Трудно было оторваться от нее — Алеша повернулся и все оглядывался, пока не вышел из-под арки на Арбат. Нина еще смотрела ему вслед.
Когда она вошла во двор с другого конца арки, от подъезда отделились две мужские фигуры и подошли к ней вплотную:
— Вы арестованы.
Это было так нереально, так непонятно! Она окаменела, в ней все застыло. Они сжали ее с двух сторон и повели к машине, ожидавшей на улице. Соскользнувшая с ее плеч связка коньков осталась валяться под аркой.
Окрыленный нежностью и обещаниями Нины, Алеша ночью писал ей стихи:
Мы все безвольнее больных,
Когда желанием объяты;
Владея волей за двоих,
Легко заставила меня ты
С волненьем думать о тебе,
Ласкать мечту стихов улыбкой…
Ты так вольна в моей судьбе,
Как виртуоз владеет скрипкой.
Отдавши волю за любовь,
Согласен впредь во всем с тобой я,
С одним условием — чтоб вновь
Обрел я страсть взамен покоя.
В это время Нину привезли во внутренний двор Лубянки, зарегистрировали и сфотографировали как арестованную. В душевой комнате охранница с сержантскими погонами на плечах профессионально-безразлично скомандовала:
— Раздевайтесь!
Она остригла ее волосы наголо и опять скомандовала:
— Мыться!
Она выдала ей серую холщовую рубашку и серый халат:
— Идти впереди, не оглядываться! Я буду командовать, куда поворачивать.
Абсолютно ошарашенная, Нина уже утром оказалась в одиночной камере.
Как раз в это время Алеша ждал ее перед университетом — так нужно и важно было снова увидеться после того невероятного первого поцелуя, отдать ей новые стихи. Он знал, что она всегда приходила в последний момент, но сегодня минуты шли так долго, уже надо было быть в аудитории, а она все не показывалась. Может, он пропустил ее, не заметил? На лекции он все время оглядывался на верхний ряд — не появилась ли она там? Ее не было. Странно… В перерыве он решил спросить о ней у друзей из ее компании. К его удивлению, он не нашел ни одного из них. Это тоже было странно.
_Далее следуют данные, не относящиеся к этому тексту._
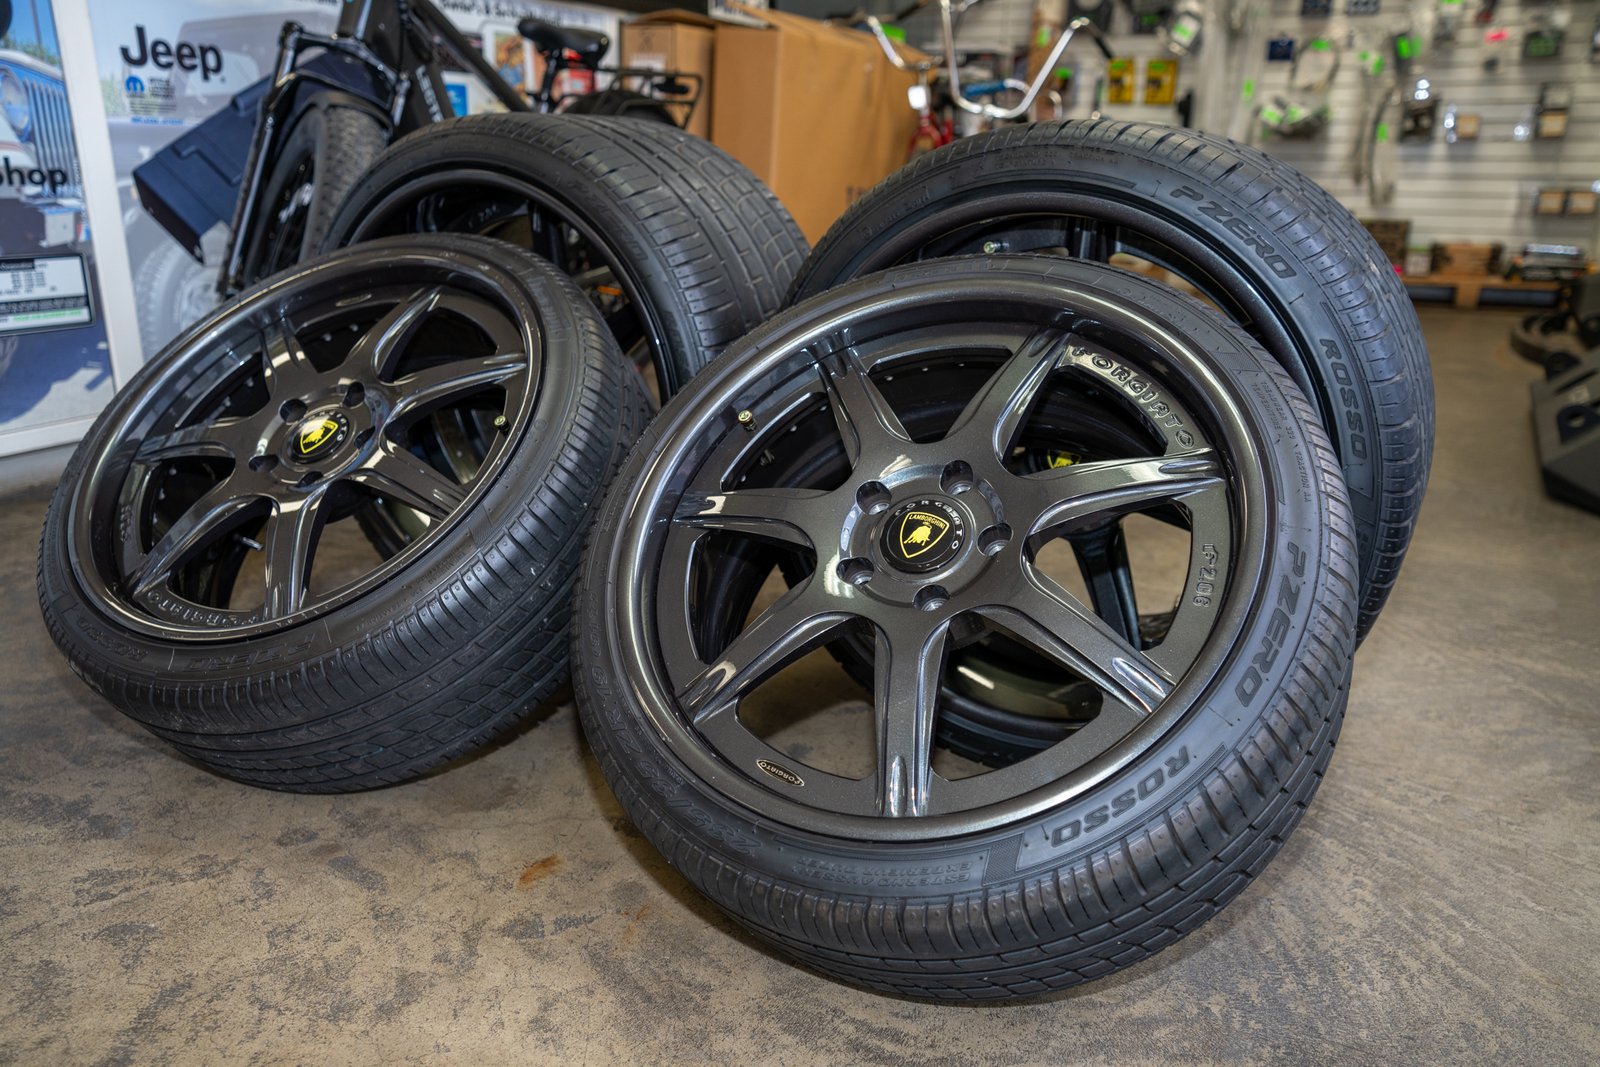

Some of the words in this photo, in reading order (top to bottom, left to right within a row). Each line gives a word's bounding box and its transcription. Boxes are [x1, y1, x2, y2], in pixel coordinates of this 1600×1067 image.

Нину Ермакову, Костю Богатырева, Мишу Кудинова, Володю Володина, Бориса Камзина и остальных из их компании университетских студентов арестовали по обвинению в планировании покушения на члена правительства. Когда на Лубянке каждому из них отдельно предъявили это обвинение, они не могли понять, о чем им говорили следователи, — так это было нелепо, фантастично, глупо. Какое покушение, какие члены правительства? Но им не давали видеть друг друга, и имя Сталина следователи не называли, хотя как раз в покушении на него их и обвиняли. Следователям надо было услышать это имя от обвиняемых.
Нинин следователь сказал ей утром:
— Вы обвиняетесь в том, что в своей квартире собирали конспираторов и готовились бросить бомбу на улицу Арбат. Признаете вы себя виновной?
— Про какую бомбу вы говорите? Про каких конспираторов?
— Вы сами это знаете.
— Это какое-то наваждение. Ничего этого не было и быть не могло. Я и мои знакомые — все студенты-филологи.